- TASK DETAILS -
Transcribe every line below exactly; no image goes into the output.

- EXERCISE INPUTS -

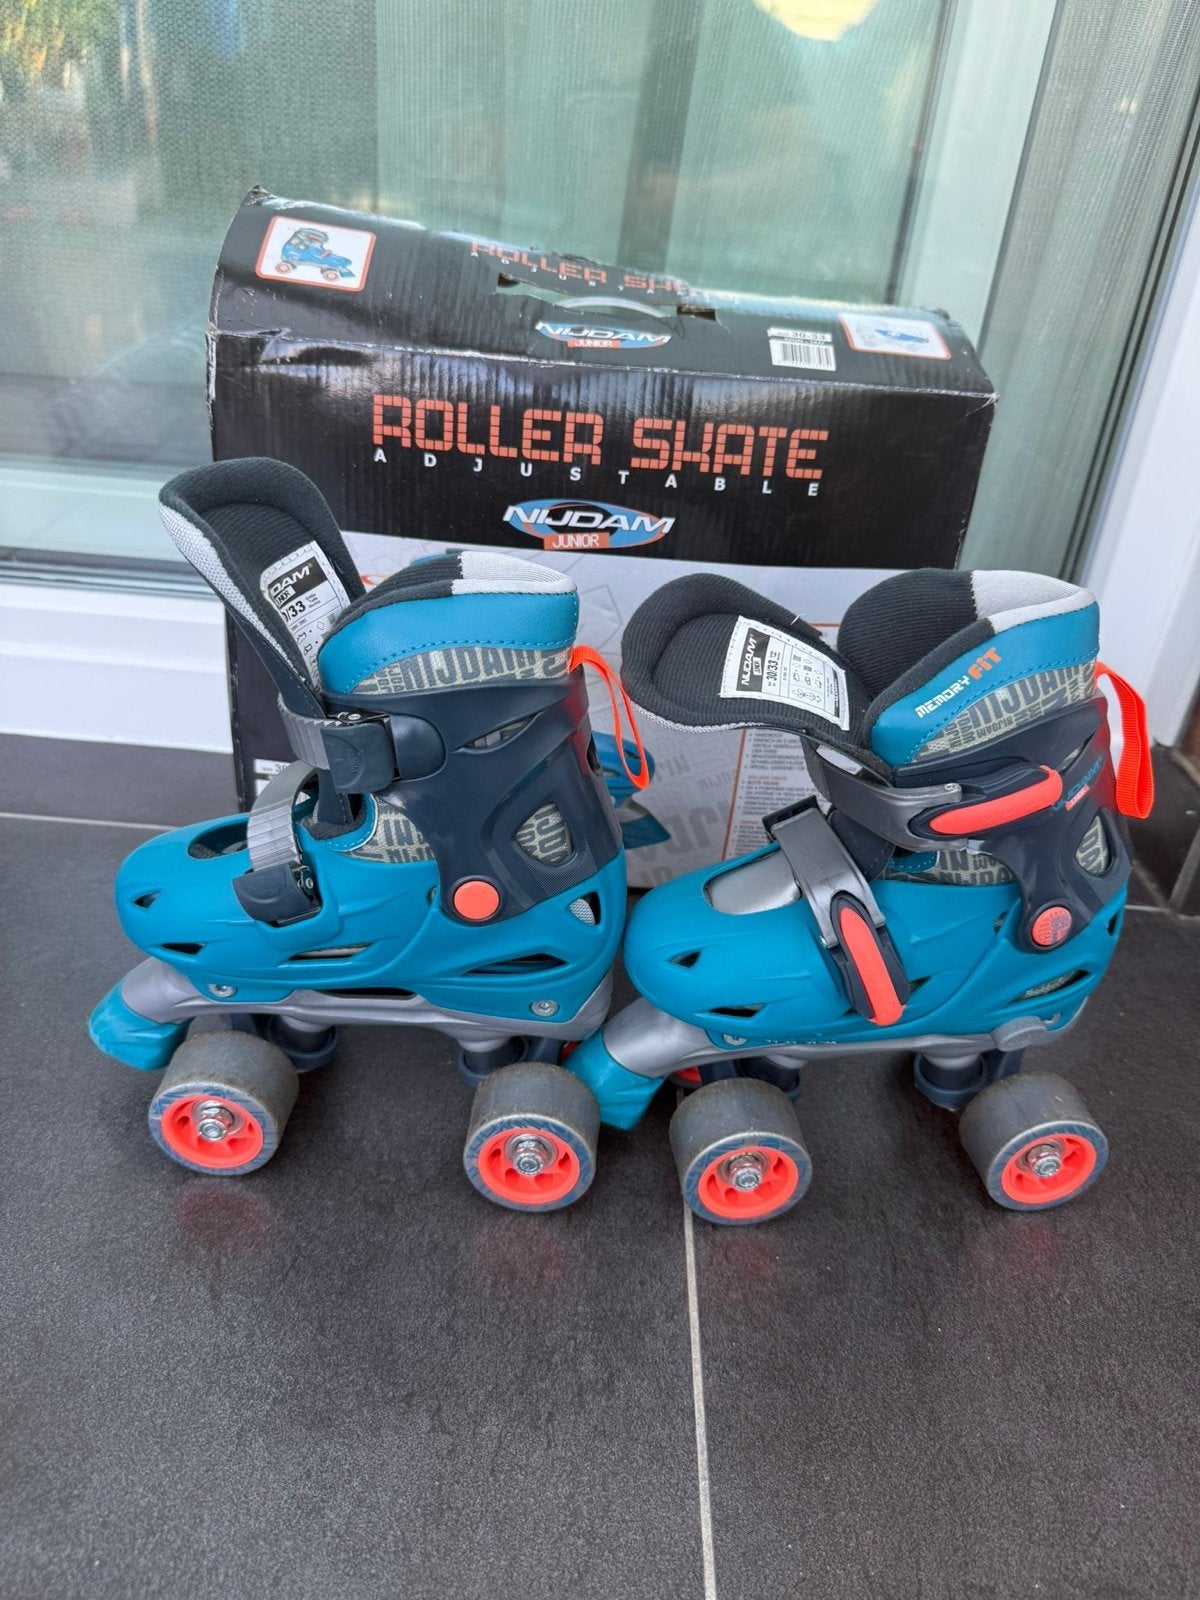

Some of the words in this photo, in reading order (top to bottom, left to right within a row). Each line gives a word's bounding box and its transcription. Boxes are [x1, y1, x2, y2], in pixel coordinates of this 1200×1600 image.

[534, 321, 671, 344] NIJDAM
[574, 339, 613, 348] JUNIOR
[372, 394, 604, 465] ROLLER
[630, 417, 829, 480] SKATE
[373, 447, 820, 496] ADJUSTABLE
[502, 504, 677, 535] NIJDAM
[552, 533, 601, 549] JUNIOR
[270, 563, 311, 595] DAM
[740, 636, 758, 686] NIJDAM
[766, 659, 779, 684] 30/33
[914, 675, 970, 718] MEMORY
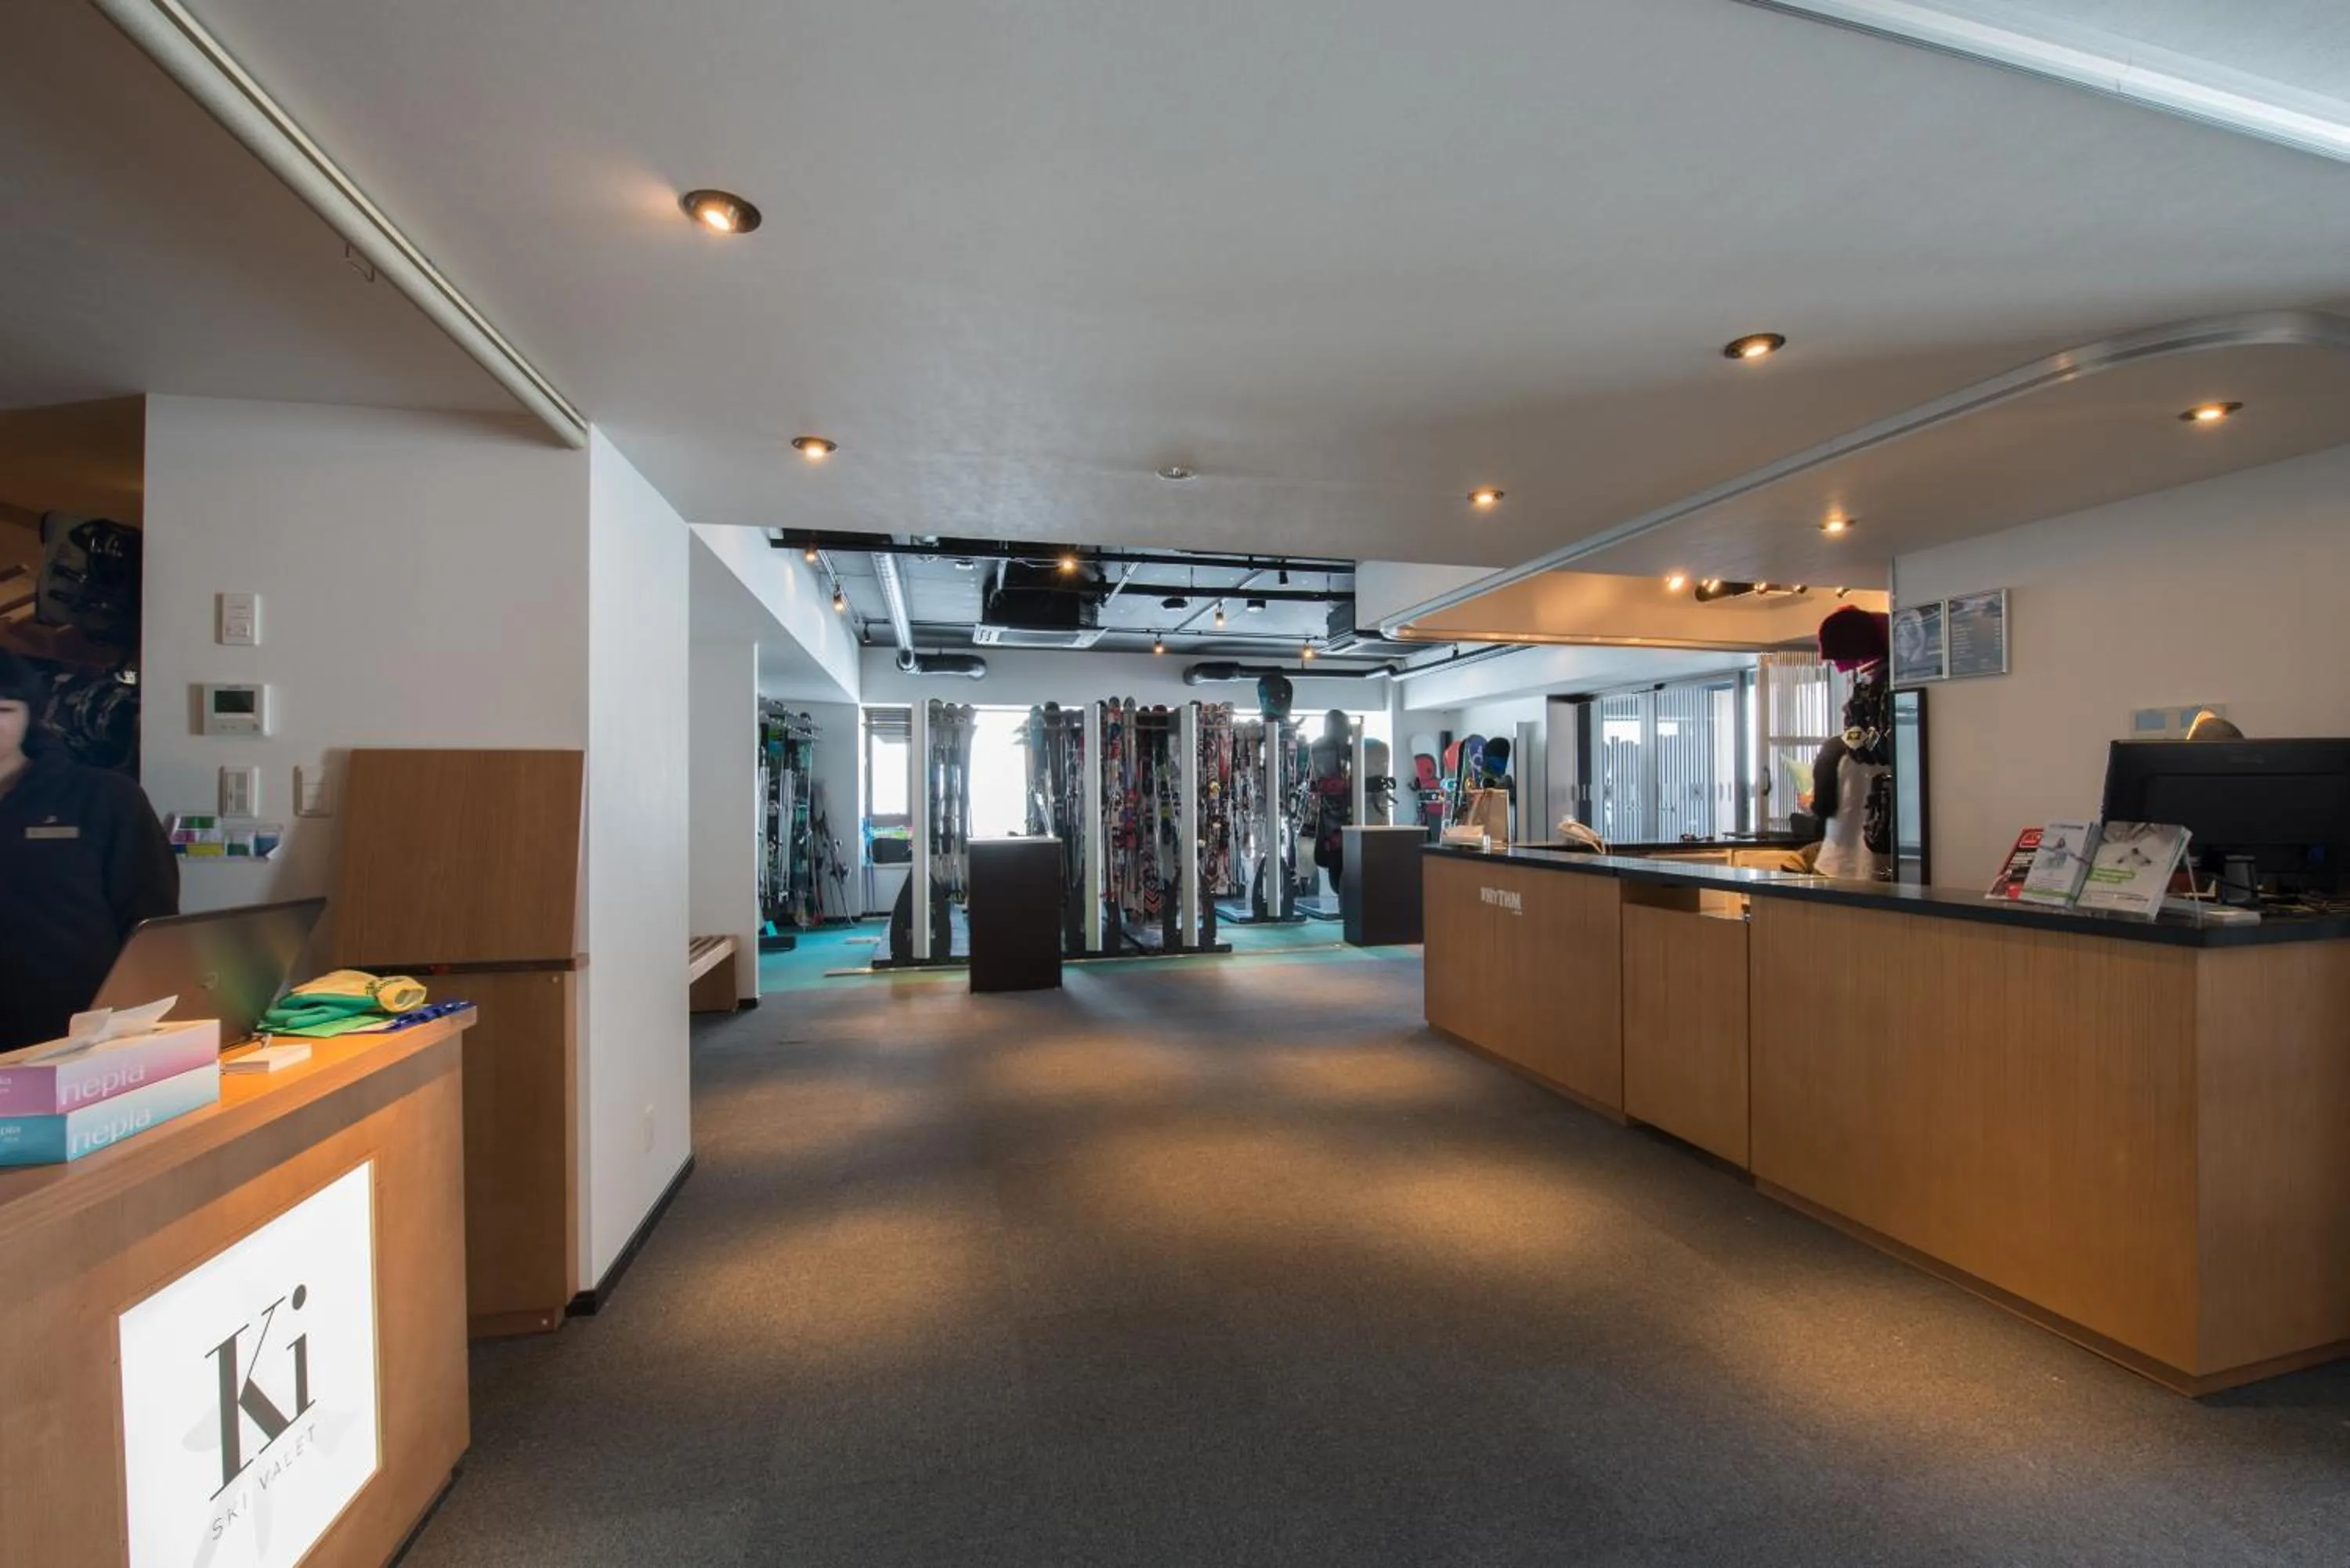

- RESULT -
Some of the words in this photo, in reading order (top to bottom, left to right within a row). Each line gives a word's bounding box and its transcription. Boxes are [x1, y1, x2, y2], in pixel coordinates of this 1200×1600 image.

[534, 321, 671, 344] NIJDAM
[574, 339, 613, 348] JUNIOR
[372, 394, 604, 465] ROLLER
[630, 417, 829, 480] SKATE
[373, 447, 820, 496] ADJUSTABLE
[502, 504, 677, 535] NIJDAM
[552, 533, 601, 549] JUNIOR
[270, 563, 311, 595] DAM
[740, 636, 758, 686] NIJDAM
[766, 659, 779, 684] 30/33
[914, 675, 970, 718] MEMORY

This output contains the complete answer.